FUNK FACTORY - Funk Factory (Atco Records SD 33-116, 1975)
Urbaniak and Dudziak’s stretch of albums in the ’70s and early ’80s, especially once they moved from Poland to New York in 1973, remain favorites among the more adventurous jazz heads and beat-diggers haunting the vinyl depths. (Urbaniak’s 1974 "Fusion" and Dudziak’s 1979 "Future Talk" are good places for the uninitiated to start.) But it was an album cut from a one-off LP that captured a particular corner of the music-geek imagination for more than 40 years: "Rien Ne Va Plus" from the self-titled 1975 album by a sextet Urbaniak called Funk Factory, had its reckoning with the canon when the Dust Brothers sampled major chunks of it for Beastie Boys’ "Car Thief". Even separated from that hip-hop context, where it clicked seamlessly with a guitar loop from the Jackson 5’s version of Funkadelic’s "I’ll Bet You", "Rien Ne Va Plus" is a banger, all post-Head Hunters springy synth-bass and Dudziak lending her range to a sweet and untethered performance.
As for the rest of the album, the Soul Jazz label tries to make a case for its place in the Urbaniak/Dudziak discography. 'As Sampled By' can make a record popular, but the rest of the album is far more eccentric than its most notorious cut could hint at. There’s a certain push-pull between the fusion of Urbaniak and his Poland-sourced players, including Bernard Kafka of the Komeda-contemporary vocal ensemble Novi Singers, along with synth player Wlodek Gulgowski and the rotating American session-player rhythm section. Calling that latter contingent a who’s who of studio workhorses is an understatement: Anthony Jackson was at that point best known for the bassline to the O’Jays' "For the Love of Money", Steve Gadd’s other notable circa-1975 gigs include the rhythms for Van McCoy’s "The Hustle" and Paul Simon’s “50 Ways to Leave Your Lover,” Gerry Brown would be the drummer on Stanley Clarke’s electric jazz-bass-redefining "School Days", and Tony Levin would Chapman-Stick his way into prominent roles in Peter Gabriel’s band and the early ’80s post-hiatus King Crimson.

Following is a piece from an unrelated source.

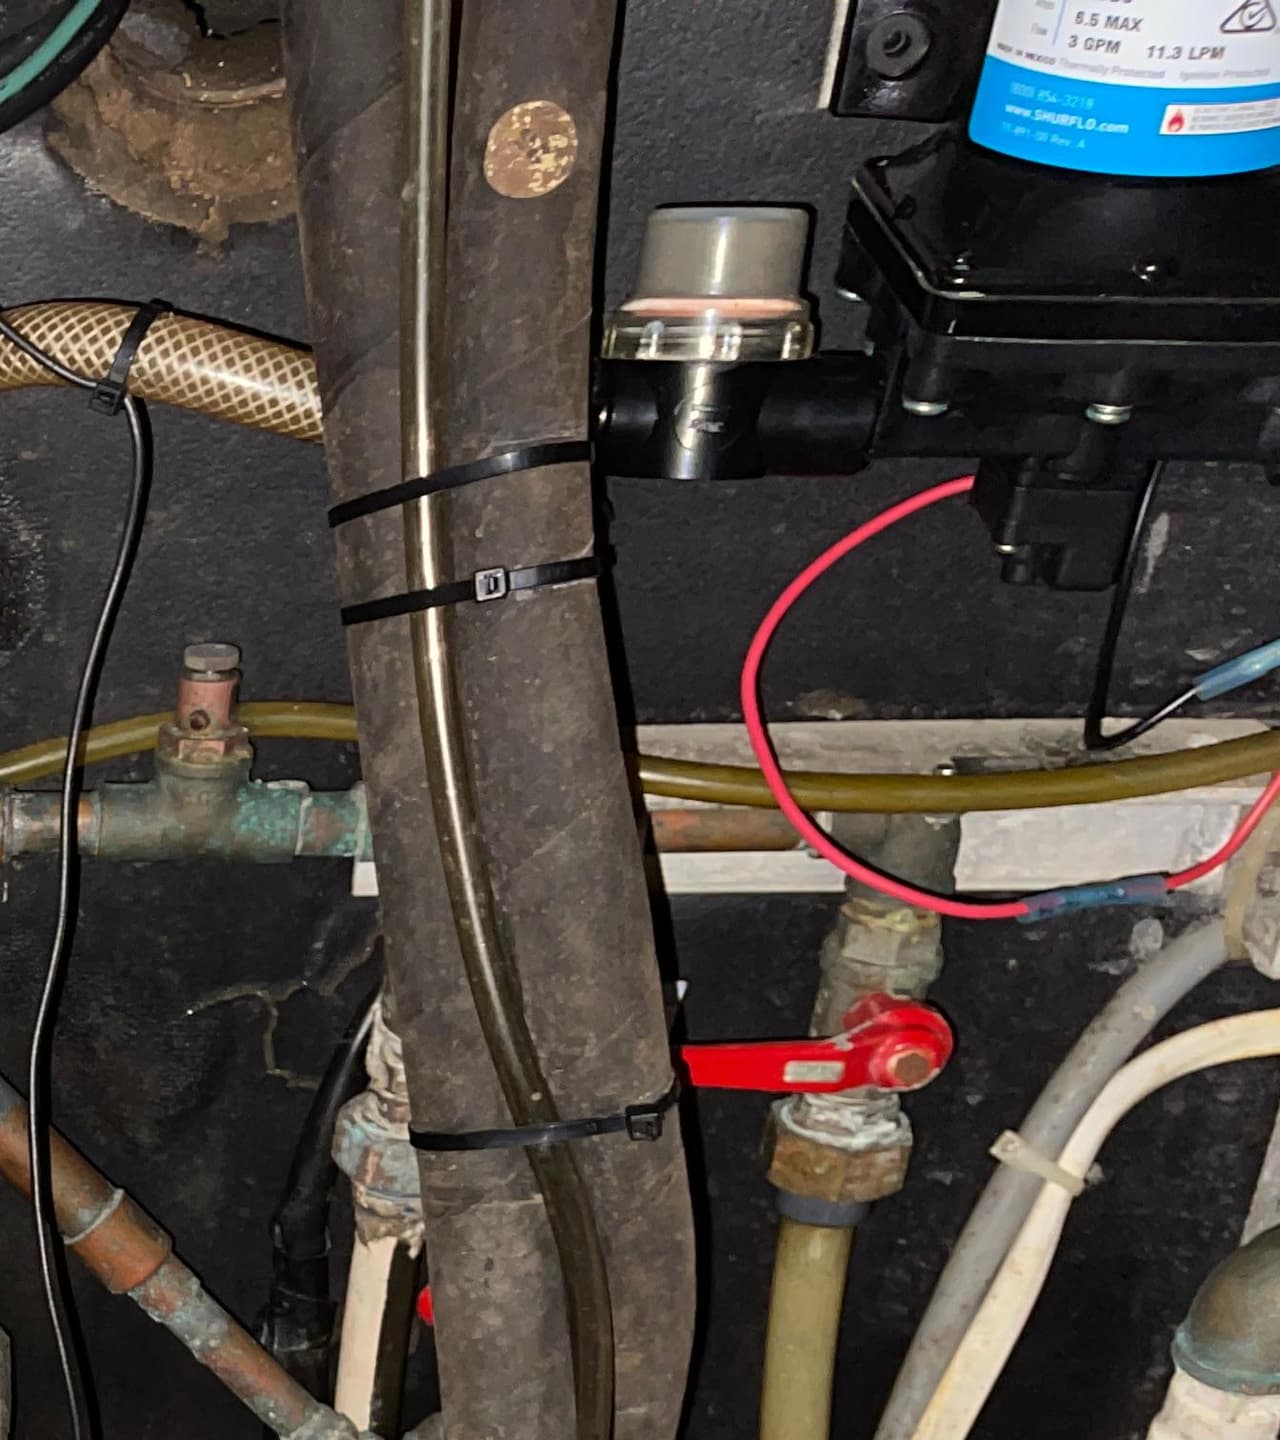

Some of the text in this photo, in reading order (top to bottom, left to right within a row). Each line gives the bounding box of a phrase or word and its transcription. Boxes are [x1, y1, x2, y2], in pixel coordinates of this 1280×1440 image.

But while the rhythm section holds it down - unobtrusively on ballads like the slightly too saccharine "The Music in Me", or with flare on the uptempo "Horsing Around" and "Sinkin’ Low" - it’s the compositional flourishes of the Polish contingent that both mess with and build on fusion’s more upbeat side. The melodies push songs close to the fusion equivalent of sunshine pop, especially on cuts like "Watusi Dance" and "Next Please" where Dudziak and Kafka trade mostly-wordless voices, at which point they’re subsumed into Urbaniak’s electric violin and Gulgowski’s synths to create some spectacular mutant harmonies.
Funk Factory can stray pretty far into the cheerier excesses of prog-jazz, but in a year where Thundercat can find sincere beauty in Fisher-Price Steely Dan, it’s hardly a dealbreaker. It emphasizes the alluring strangeness of its more experimental moments, like the hallucinogenic haunted-house tour of "Lilliput" or the banshee James Brown vocal riffs on "Horsing Around". "Rien Ne Va Plus" remains the top highlight, every bit the equal as the best cut on any contemporaneous LaBelle album. But Funk Factory is more than just a notch in the belt of Paul’s Boutique - it’s proof that a core of musicians schooled in jazz but culturally steeped in the folk and classical traditions of Eastern Europe could, at least once, put out something that fit well with the crossover sound of the times while being unafraid to dive into freeform weirdness.